(Saved entries)
Start of Block

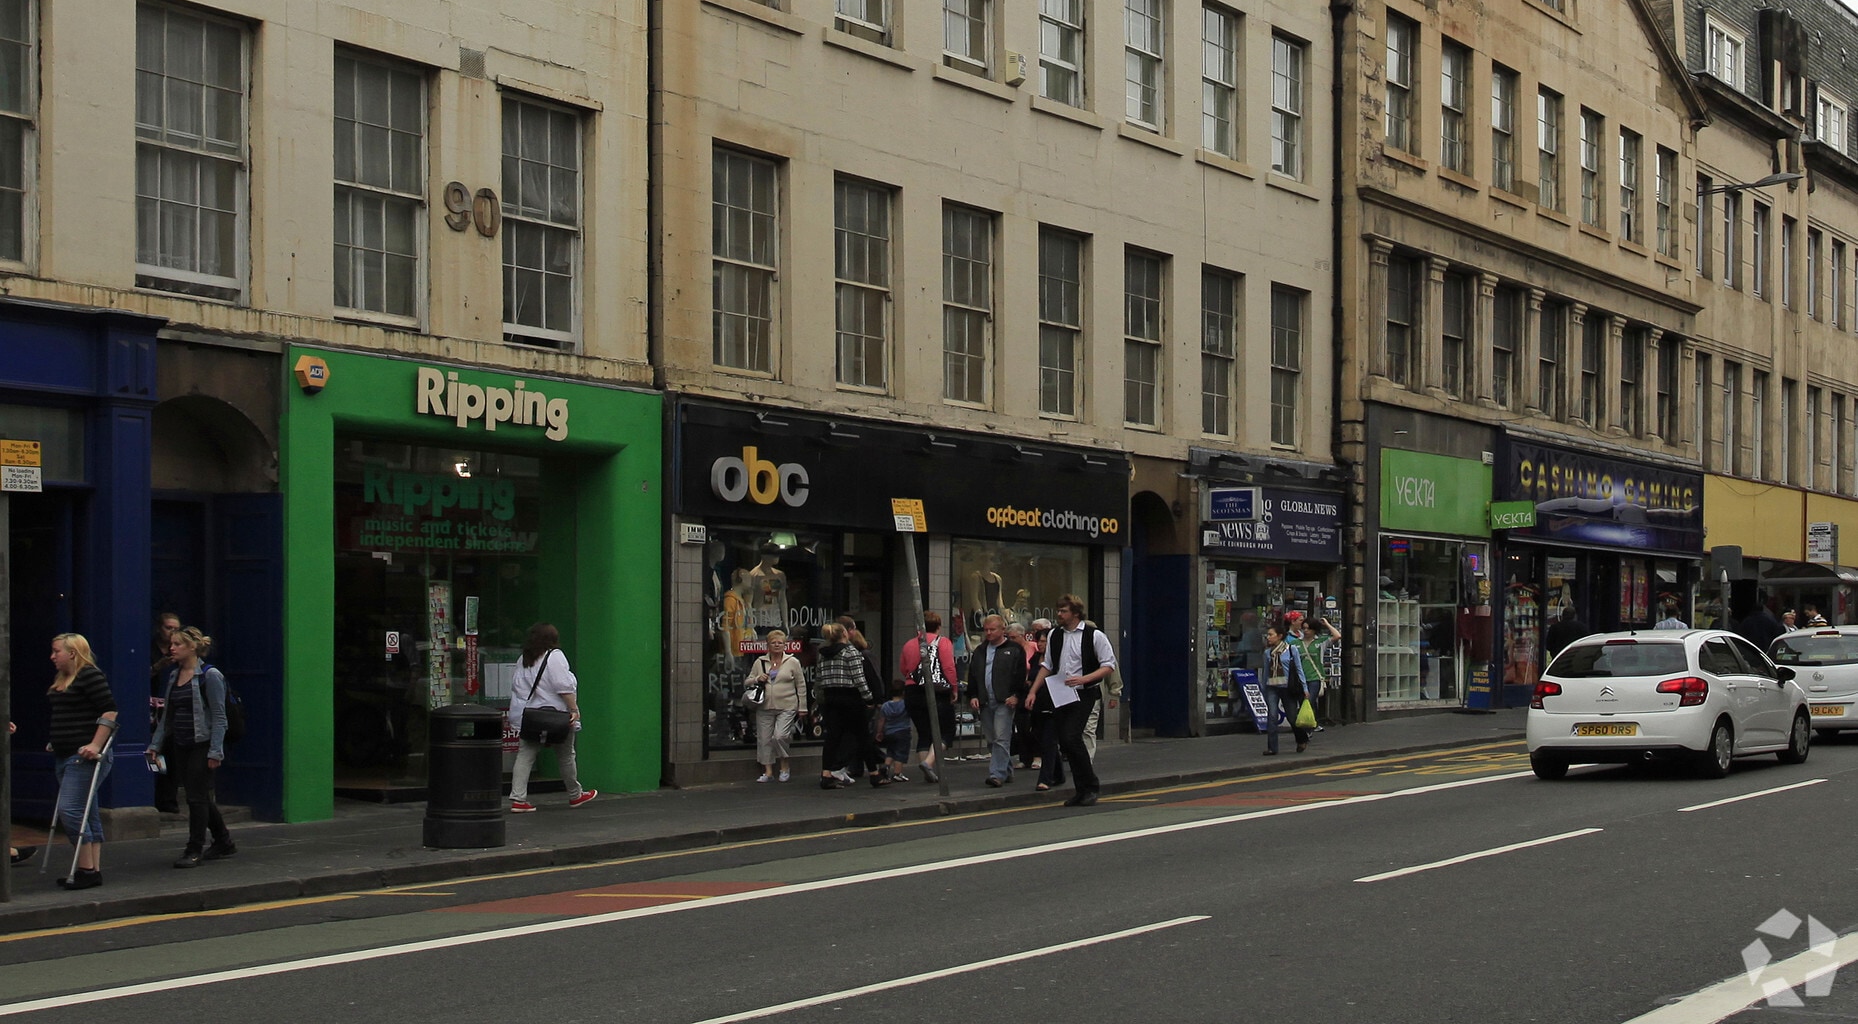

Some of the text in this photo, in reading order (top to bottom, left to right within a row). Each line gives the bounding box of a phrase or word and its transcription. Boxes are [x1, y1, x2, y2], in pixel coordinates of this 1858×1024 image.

[444, 181, 501, 237] 90
[310, 367, 323, 376] ADT
[417, 366, 569, 442] Ripping
[711, 446, 810, 507] obc
[1520, 459, 1693, 511] CASHINO GAMING
[363, 462, 516, 521] Ripping
[1395, 476, 1435, 508] YEKTA
[1280, 499, 1313, 514] GLOBAL
[1314, 503, 1337, 516] NEWS
[1494, 511, 1532, 525] YEKTA
[364, 517, 513, 538] music and tickets
[987, 505, 1118, 538] offbeat clothing co
[359, 530, 460, 551] independent
[1227, 541, 1256, 549] EDINBURGH
[791, 642, 801, 651] GO
[1821, 706, 1840, 714] CKY
[1581, 725, 1608, 735] SP60

End of Block

Could you set down every record above word for word, leaving out the pictures?

#### Task answer:
Some of the text in this photo, in reading order (top to bottom, left to right within a row). Each line gives the bounding box of a phrase or word and its transcription. Boxes are [x1, y1, x2, y2], in pixel coordinates of this 1858×1024 image.

[444, 181, 501, 237] 90
[310, 367, 323, 376] ADT
[417, 366, 569, 442] Ripping
[711, 446, 810, 507] obc
[1520, 459, 1693, 511] CASHINO GAMING
[363, 462, 516, 521] Ripping
[1395, 476, 1435, 508] YEKTA
[1280, 499, 1313, 514] GLOBAL
[1314, 503, 1337, 516] NEWS
[1494, 511, 1532, 525] YEKTA
[364, 517, 513, 538] music and tickets
[987, 505, 1118, 538] offbeat clothing co
[359, 530, 460, 551] independent
[1227, 541, 1256, 549] EDINBURGH
[791, 642, 801, 651] GO
[1821, 706, 1840, 714] CKY
[1581, 725, 1608, 735] SP60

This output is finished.